________________ CM . . . . Volume XVII Number 06 . . . . October 08, 2010


Grandma's Gloves.

Cecil Castellucci. Illustrated by Julia Denos.
Somerville, MA: Candlewick Press (Distributed in Canada by Random House of Canada), 2010.
24 pp., hardcover, $19.00.
ISBN 978-0-7636-3168-0.

Subject Headings:

Preschool-grade 2 / Ages 4-7.

Review by Harriet Zaidman.

**** /4


"Mama," I ask, "can we grow a garden of our own?"

"Yes," Mama says. "But I don't know much about gardening." Then she smiles as she puts her hands out in front of her and lets me put Grandma's gloves on them.

"You can help me," I say, "to talk to the roses, scold the succulents, and laugh with the birds-of-paradise."

I will teach Mama everything I know.

A grandparent's influence on a young child's life can be an important factor in the child's development. A lot of teaching and role modelling occurs, producing effects that can last a lifetime.

     But just as children grow up and become older, so do the grandparents who sometimes experience age-related cognitive and other health problems before they die. Explaining these changes and the process of life to young children is often difficult, but picture books can help put a positive perspective on the inevitable.

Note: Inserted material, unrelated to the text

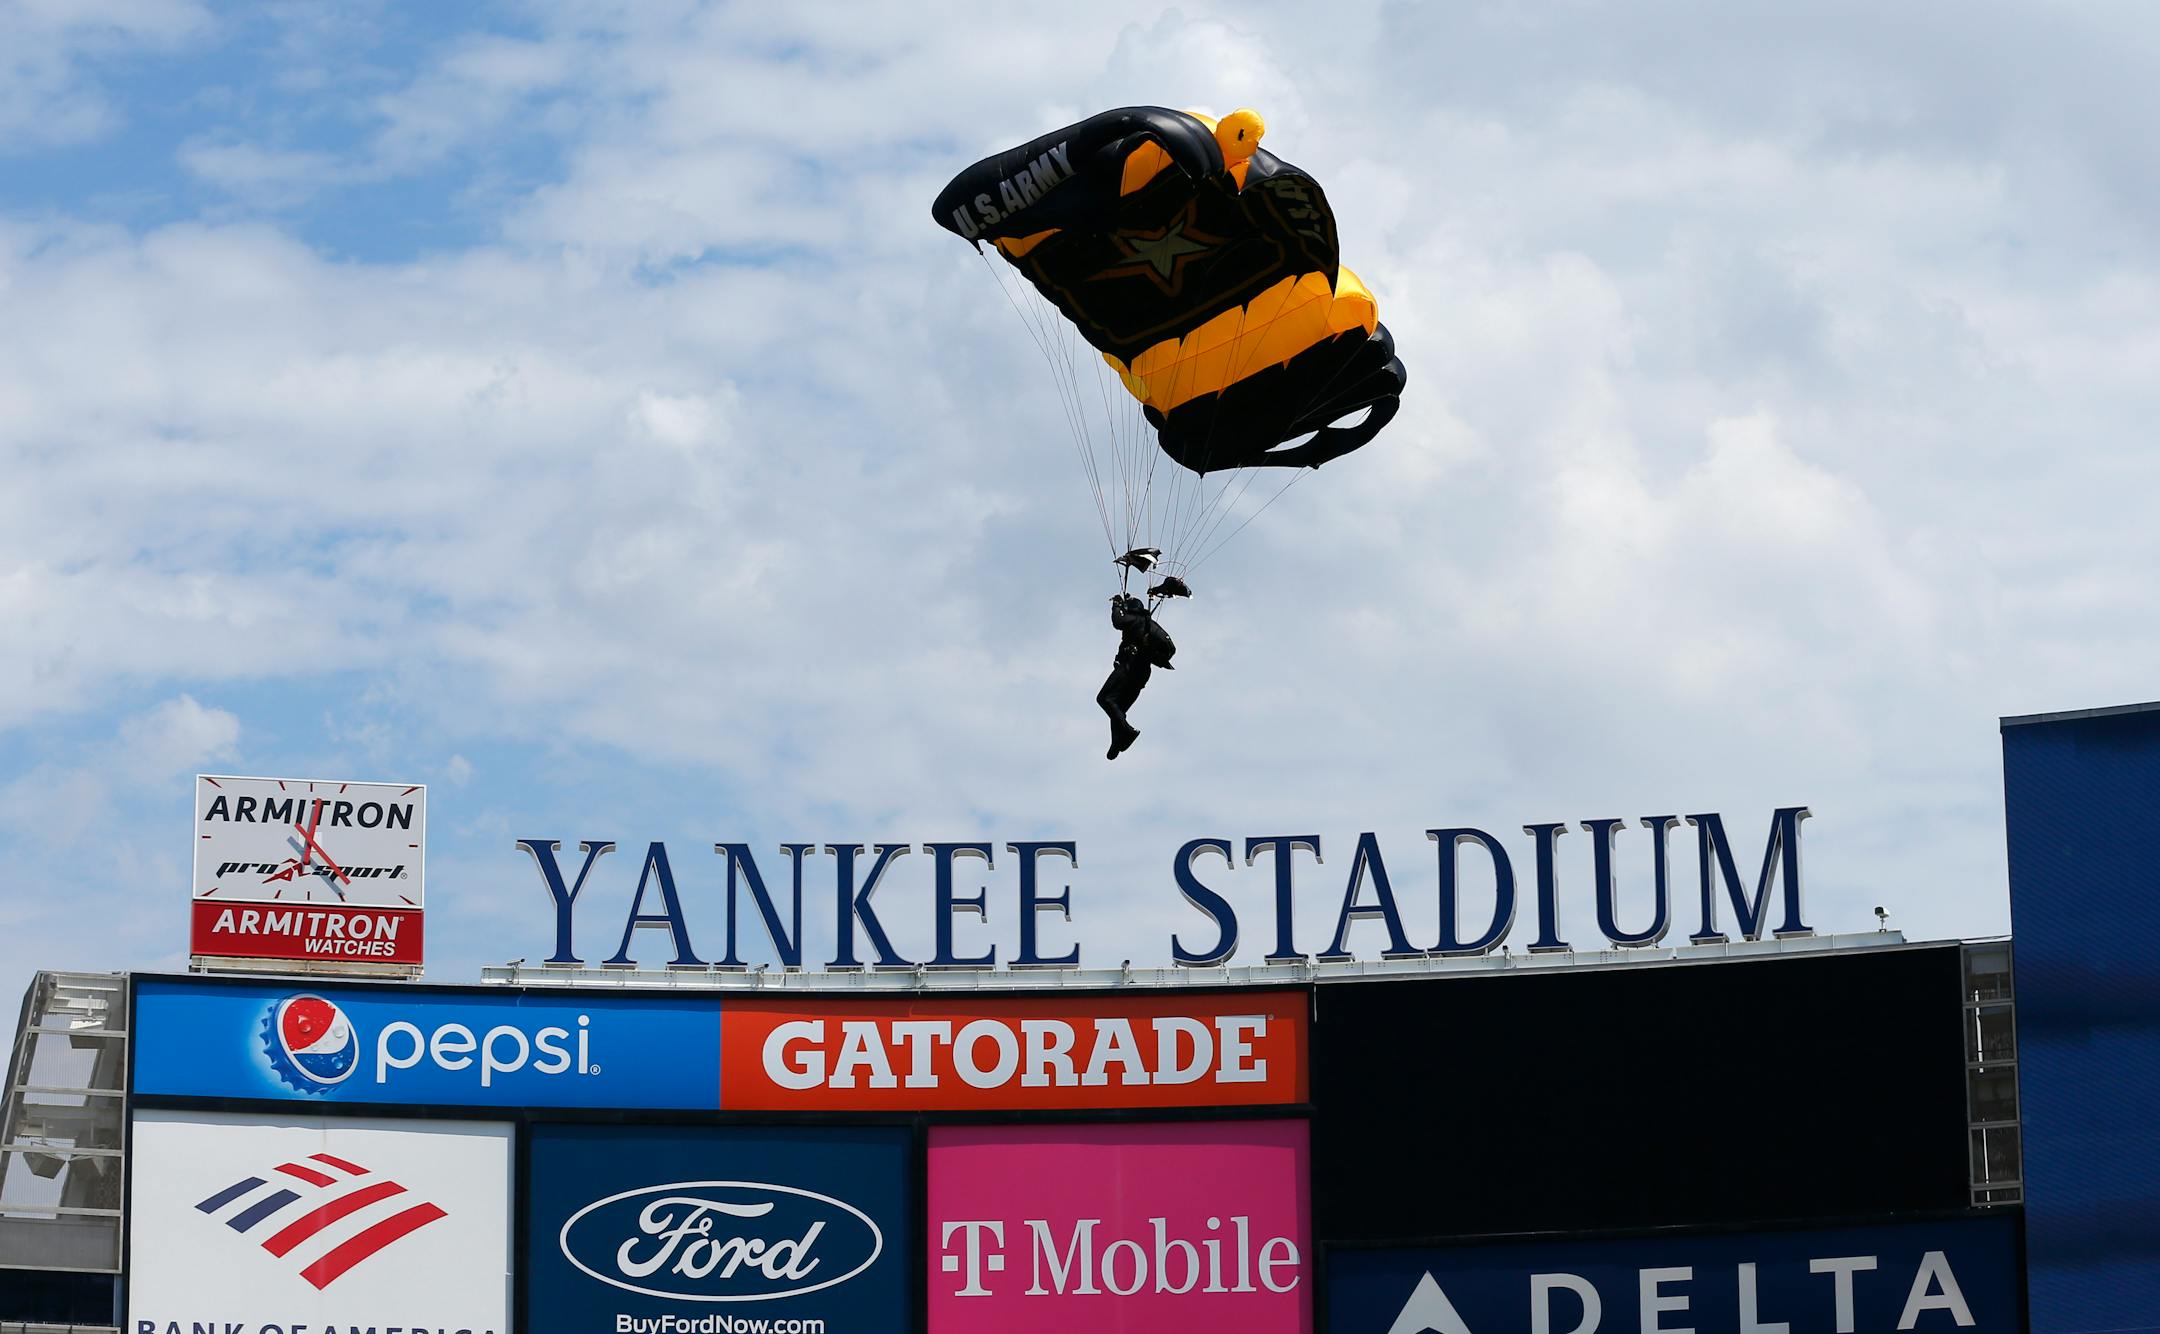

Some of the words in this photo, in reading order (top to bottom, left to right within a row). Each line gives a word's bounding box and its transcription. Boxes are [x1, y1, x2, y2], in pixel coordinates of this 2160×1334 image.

internal art     Grandma's Gloves is a tender story by former Montrealer (and now Los Angeles resident) Cecil Castellucci about the bond between grandparent and grandchild. Grandma's house is a place of wonderment for a little girl. Grandma works magic in her flower garden, bakes secret cookies and showers her granddaughter with water and love. She shows some signs of dementia, but the little girl is tolerant of Grandma's occasional repetitions.

     One day, Grandma gets sick and is hospitalized. When the little girl visits, she finds a different person, one who has forgotten her family and can't speak English any more. But she hasn't forgotten to water the plants on her windowsill, an action which gives the little girl heart.

     But finally, Grandma dies. The child's grief is not relieved by the promise of some special objects from Grandma's house. What she wants is Grandma and life the way it was. When she spies Grandma's gardening gloves, she realizes how she can overcome her sadness and keep Grandma alive in her memory. She decides to emulate Grandma by growing a garden, and for good measure, she offers to teach her mother so that she, too, can keep Grandma's memory close as well.

     Gently told, the text is complemented by gentle pencil and watercolour illustrations by Julia Denos. Grandma's house is shown full of light; the little girl's love is expressed with a lift of her foot as Grandma wraps her in "her fleshy arms." Denos provides definition to the people and surrounding objects but uses faint colours and washes effectively to blur the unimportant. The plants, symbolizing life, hope and growth, are defiantly green.

     Other books that help a child accept the cycle of life include The Auction by Jan Andrews, Waiting for the Whales by Cheryl MacFarlane and Pig in the Middle by Sally Fitz-Gibbon. Grandma's Gloves will join this list of recommended books about the power of love over sadness.

Highly Recommended.

Harriet Zaidman is a teacher-librarian in Winnipeg, MB.